Your task is to restate exactly the lines from the one holding "Some of the words" to the end of the entries below, inclusive.

*** Opening of DATA TO USE ***

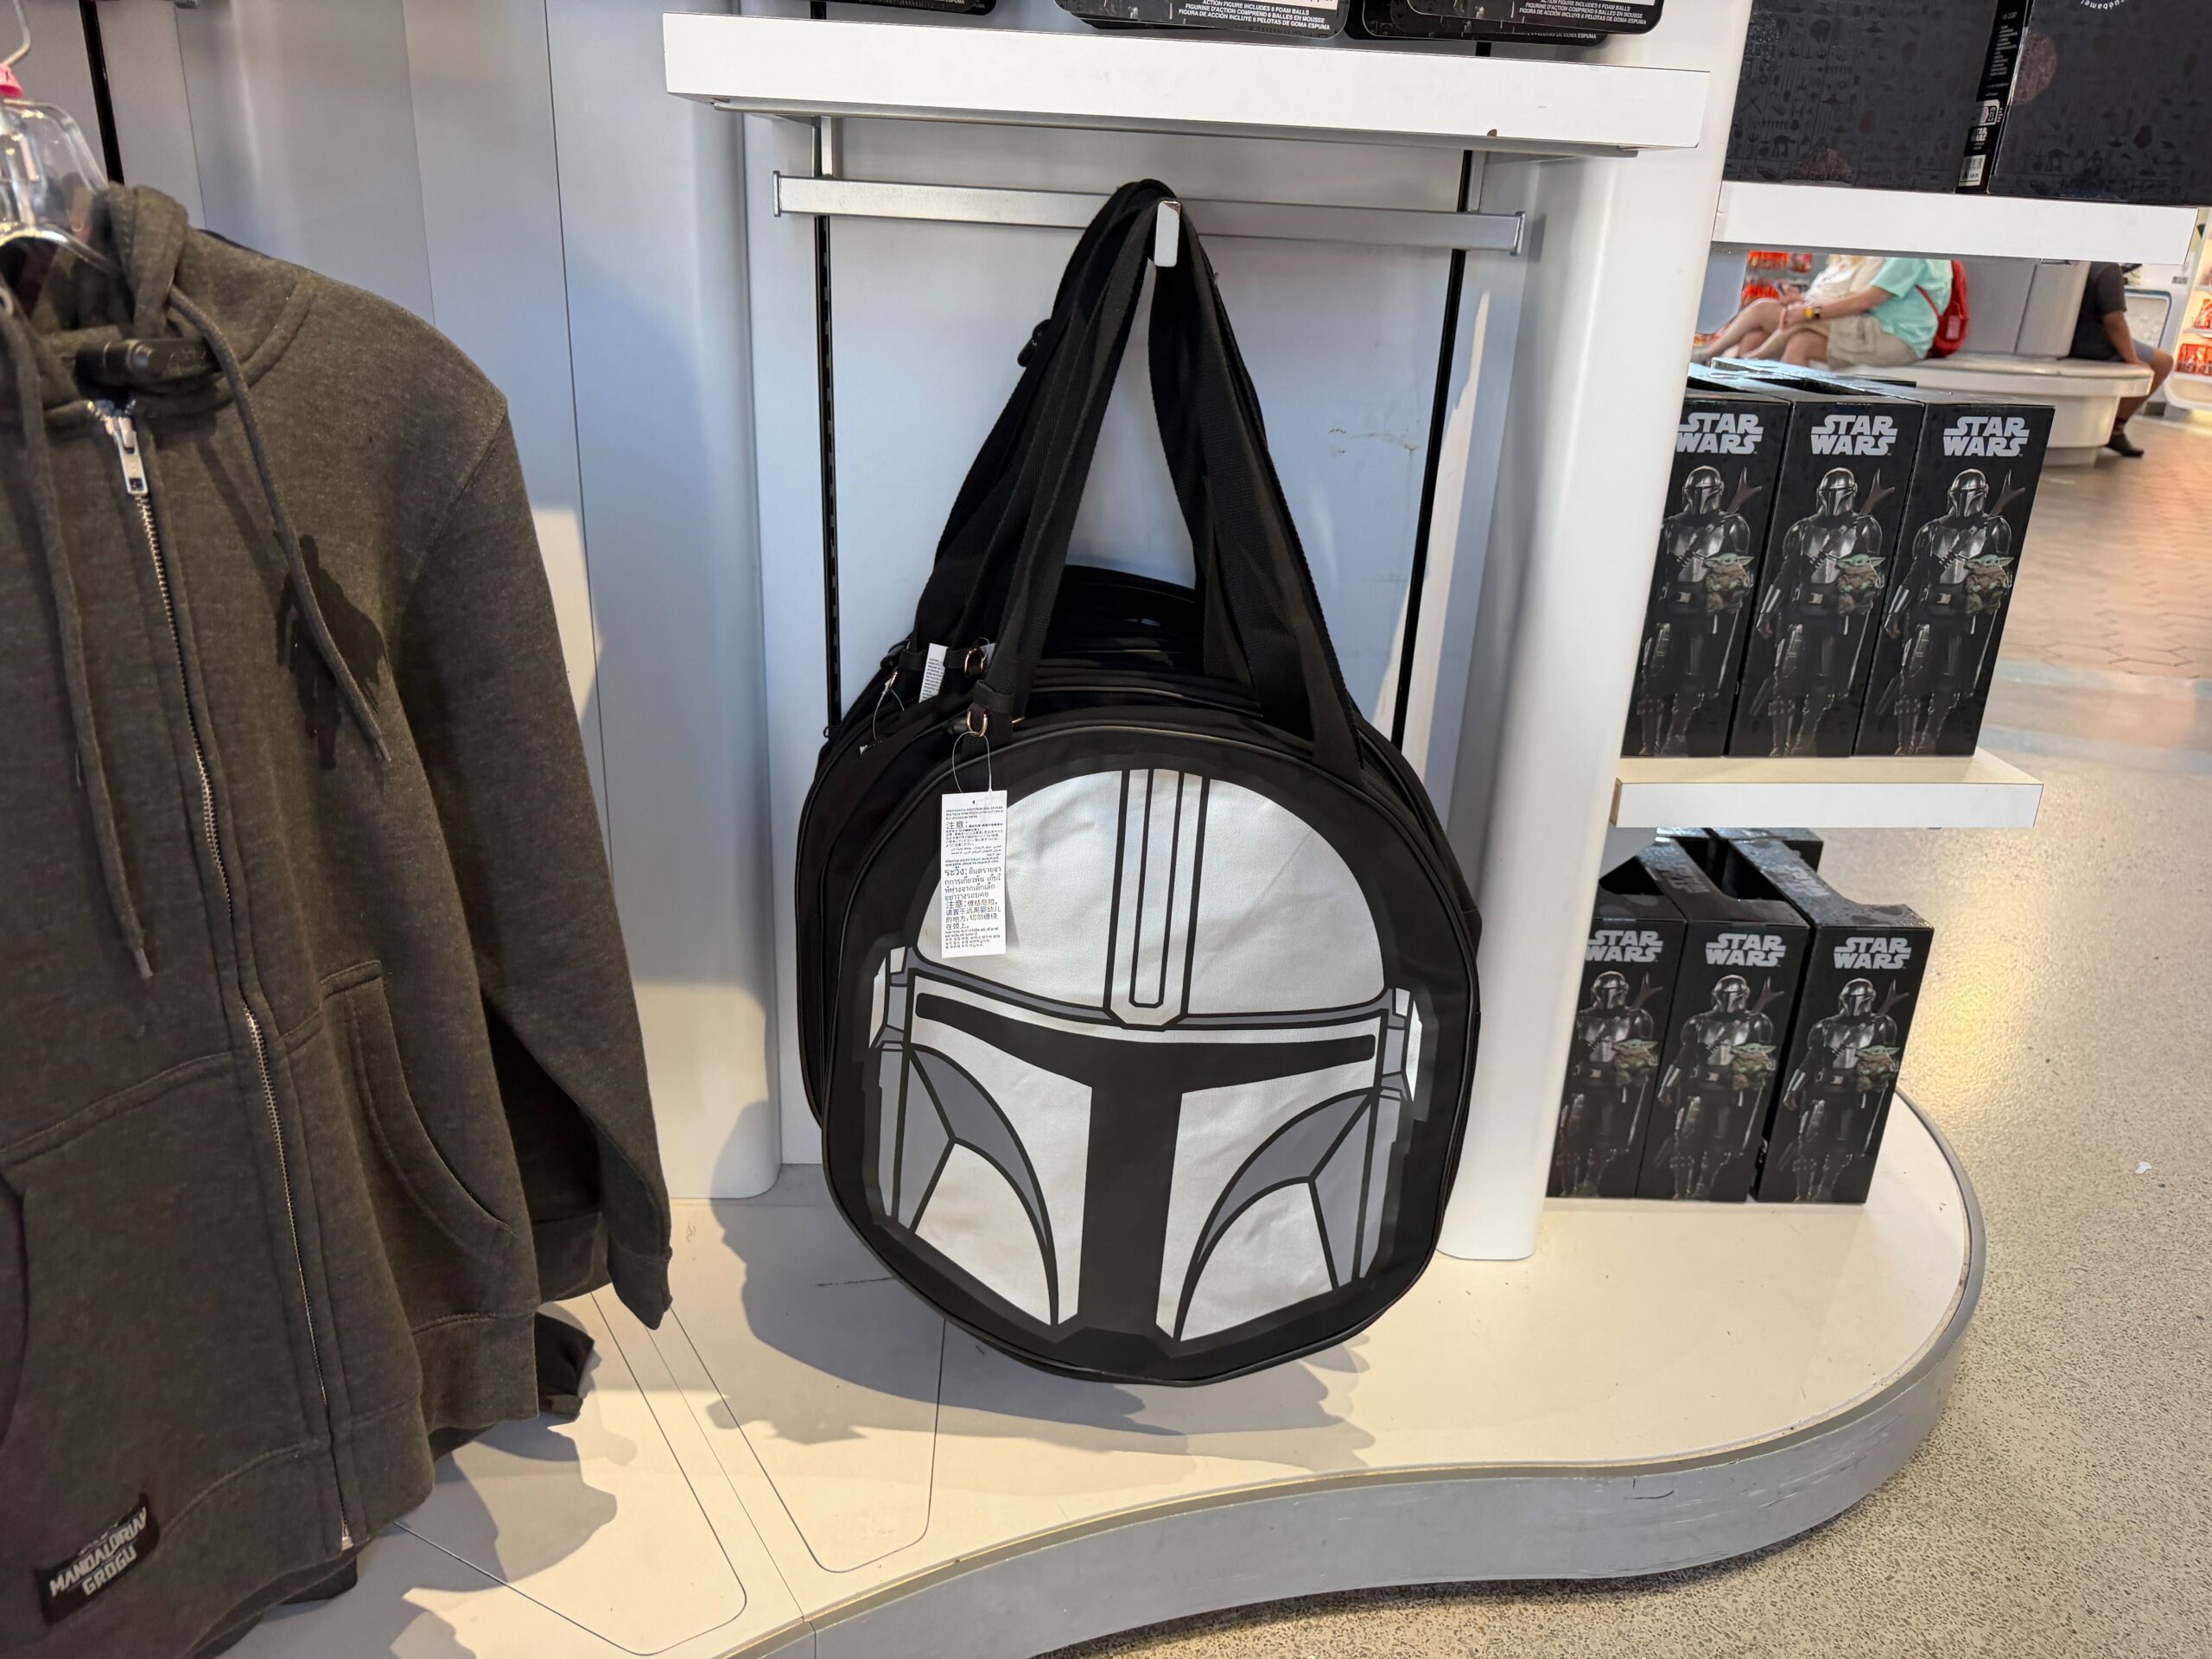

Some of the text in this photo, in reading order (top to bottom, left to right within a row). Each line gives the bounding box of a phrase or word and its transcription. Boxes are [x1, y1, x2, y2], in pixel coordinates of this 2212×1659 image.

[1211, 5, 1236, 14] D'ACTION
[1236, 8, 1267, 17] COMPREND
[1244, 3, 1270, 11] INCLUDES
[1585, 13, 1605, 22] PELOTAS
[1678, 412, 1764, 434] STAR
[1811, 415, 1898, 436] STAR
[1943, 416, 2030, 437] STAR
[1676, 432, 1763, 454] WARS
[1811, 435, 1897, 455] WARS
[1943, 436, 2029, 457] WARS
[1587, 930, 1663, 947] STAR
[1706, 933, 1786, 950] STAR
[1834, 937, 1912, 954] STAR
[1585, 945, 1662, 963] WARS
[1706, 949, 1785, 967] WARS
[1834, 952, 1910, 969] WARS
[82, 1544, 137, 1596] GROGU
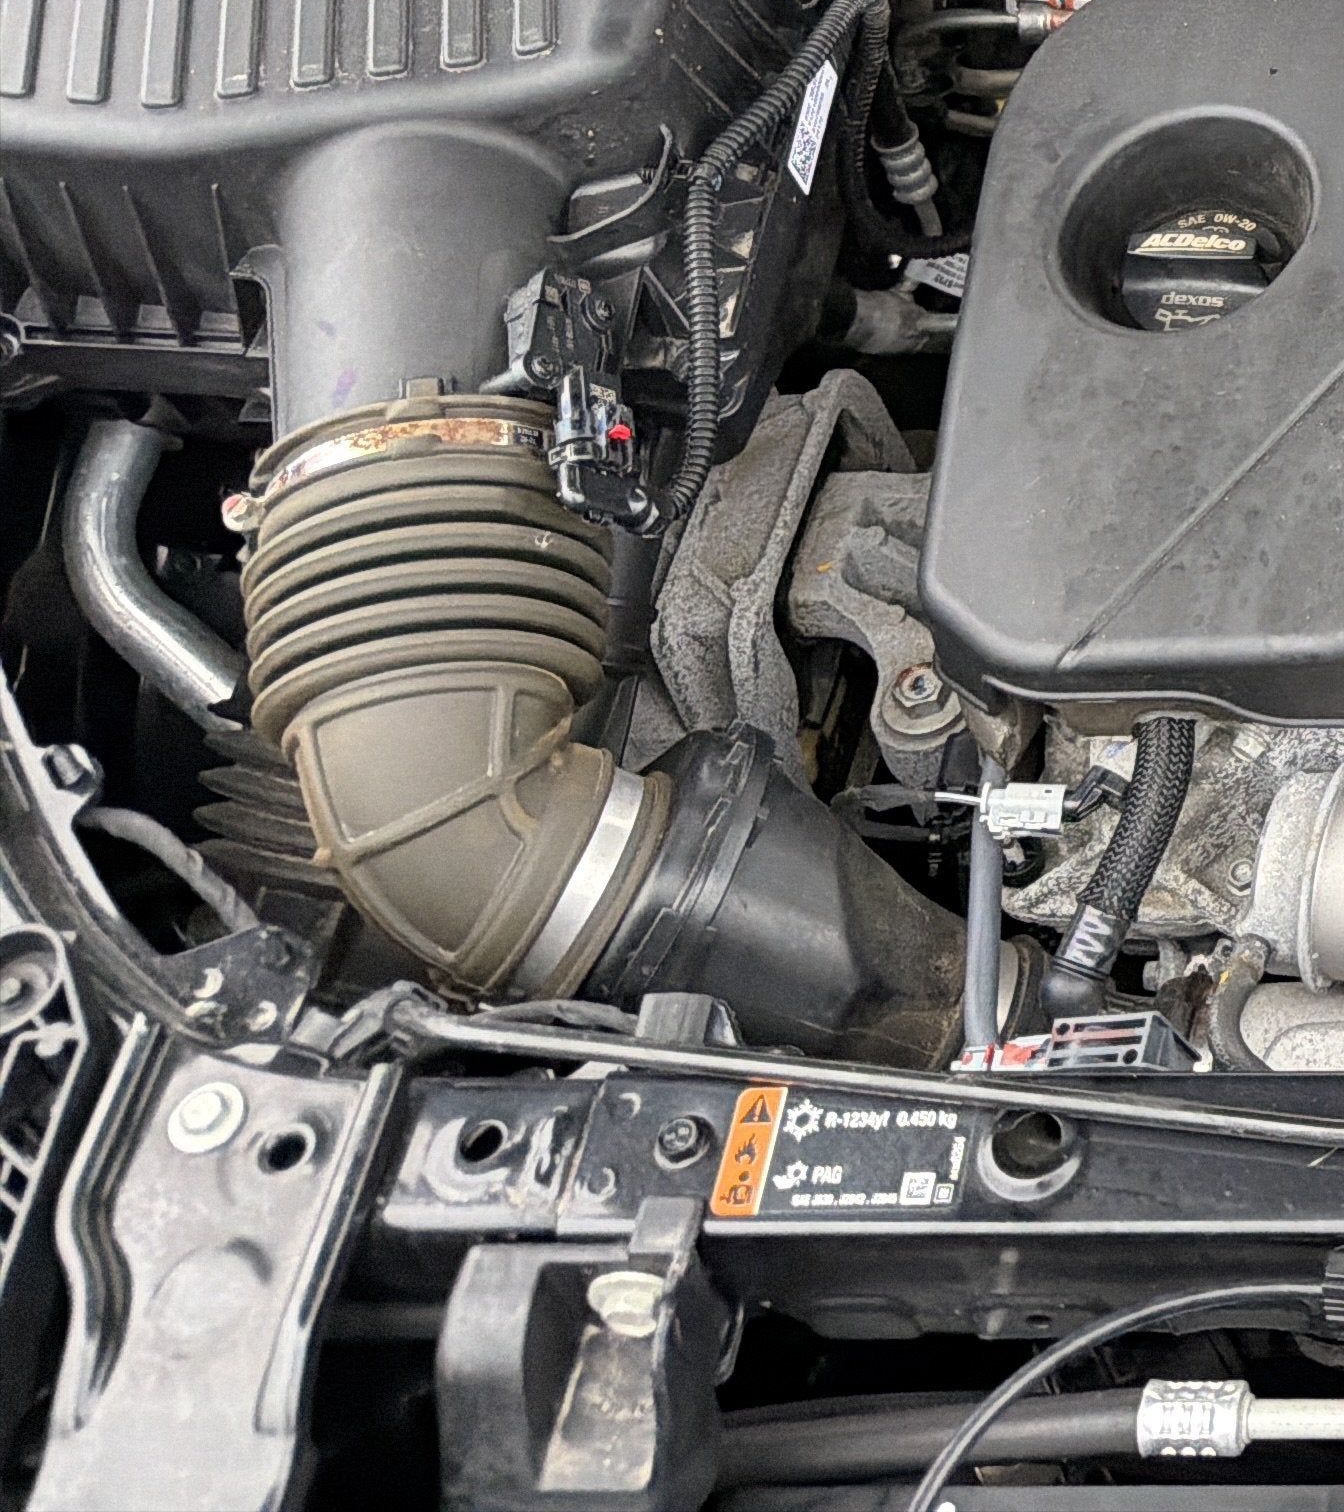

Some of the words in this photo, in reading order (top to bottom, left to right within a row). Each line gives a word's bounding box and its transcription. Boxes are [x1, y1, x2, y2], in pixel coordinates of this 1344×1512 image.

[1177, 214, 1207, 229] SAE
[1213, 213, 1257, 232] 0W-20
[1140, 233, 1247, 251] ACDelco
[1160, 292, 1226, 308] dexos
[895, 1110, 938, 1129] 0.450
[938, 1110, 958, 1130] kg
[811, 1165, 844, 1186] PAG

*** Close of DATA TO USE ***

» **RESPONSE TO THIS TASK**
Some of the words in this photo, in reading order (top to bottom, left to right within a row). Each line gives a word's bounding box and its transcription. Boxes are [x1, y1, x2, y2], in pixel coordinates of this 1344×1512 image.

[1177, 214, 1207, 229] SAE
[1213, 213, 1257, 232] 0W-20
[1140, 233, 1247, 251] ACDelco
[1160, 292, 1226, 308] dexos
[895, 1110, 938, 1129] 0.450
[938, 1110, 958, 1130] kg
[811, 1165, 844, 1186] PAG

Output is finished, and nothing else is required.